Most of my paranoia has been kind of vague, abstract, and hasn't stuck around for too long at a time. In the past I've done things ranging from listening in on my parents to see if they were saying bad things about me, to covering the vent in my room with a handkerchief because I suspected that there was something in there watching me, to scribbling messages such as "stop watching me" in my sketchbooks while I was trying to draw.

Lately, though, something has stuck. For the past couple months or so I've had a sort of irrational fear of looking out windows at night, and I'm not entirely sure why that started. I'm usually the most afraid about it when I'm alone and/or about to go to sleep.
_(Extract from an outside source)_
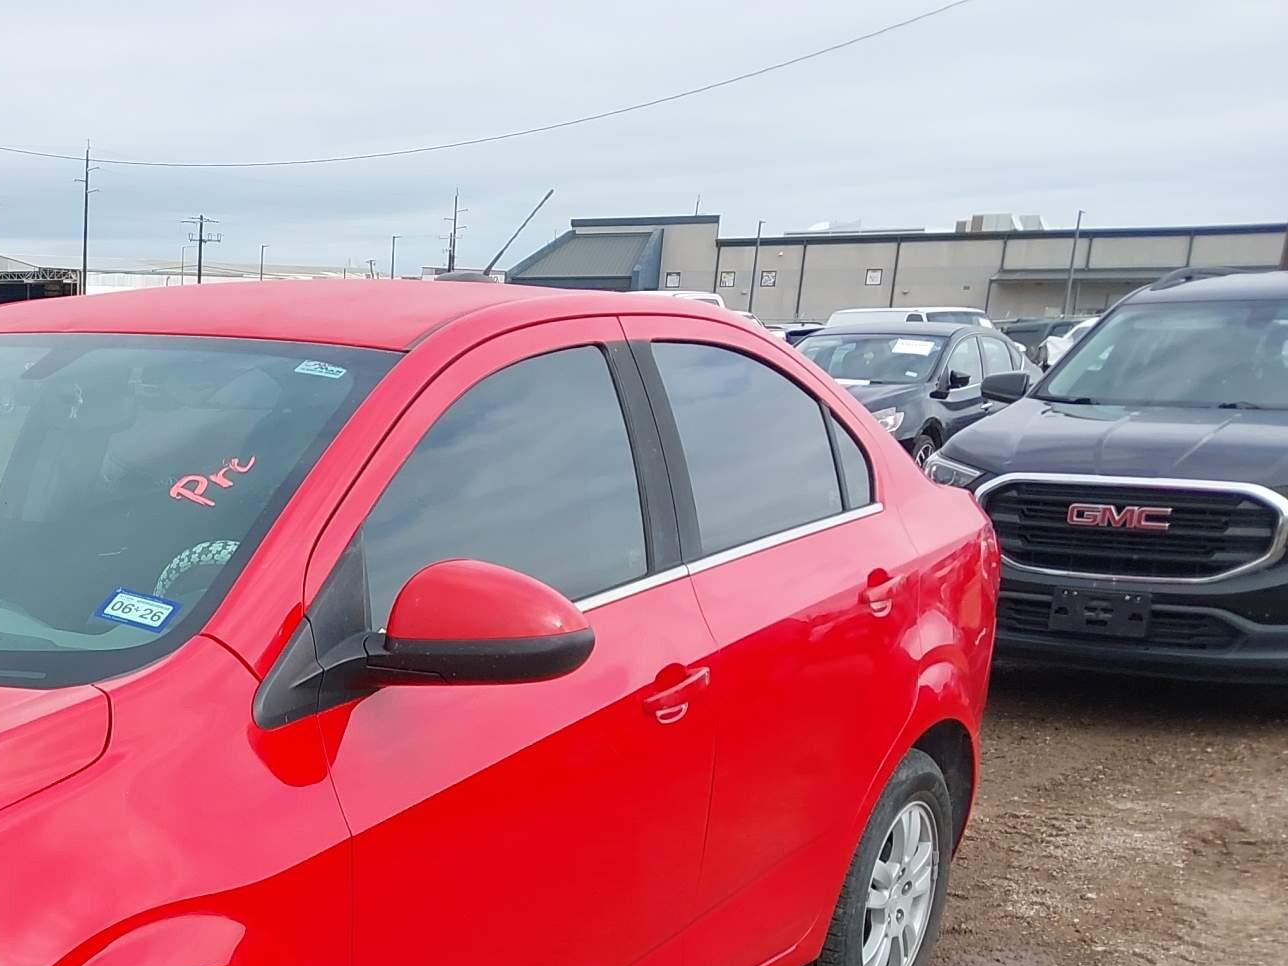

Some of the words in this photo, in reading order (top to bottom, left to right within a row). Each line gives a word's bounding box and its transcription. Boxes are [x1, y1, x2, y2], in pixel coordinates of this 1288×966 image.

[1067, 503, 1172, 530] GMC
[111, 600, 135, 614] 06
[139, 608, 164, 622] 26
Over time I've come to imagine some kind of shadowy humanoid figure waiting on the street outside for me to notice it.

It seems like recently it's been trying harder to get me to notice it, though, because a lot of nights I'll hear what sounds like a cat toy nearby when I'm trying to sleep. I've investigated a little bit, and there's no reason for that sound to be coming from anywhere in my room since even though I do have a cat, I almost always keep my bedroom door closed so there's no reason for a cat toy to be in there, not to mention being actively played with at night. I don't think my cat even has any toys that make the sound I keep hearing. That means it could only be coming from outside my window, but the problem with that is that my room is on the second floor of the house, and it sounds like the toy is very close to me. Maybe I am hallucinating...? I don't know. Either way, not only is it annoying, but it feeds into my fear that something outside is trying to get my attention, as if once it knows that I've noticed it that might give it power or something.

The reason I'm bringing this up is because there's been a new development today: I keep thinking I hear the front door lock and handle being messed with, very softly, like someone is trying to open it but can't, or maybe isn't actually trying to do anything more than get my attention. I haven't heard it in about an hour now, but it was there earlier.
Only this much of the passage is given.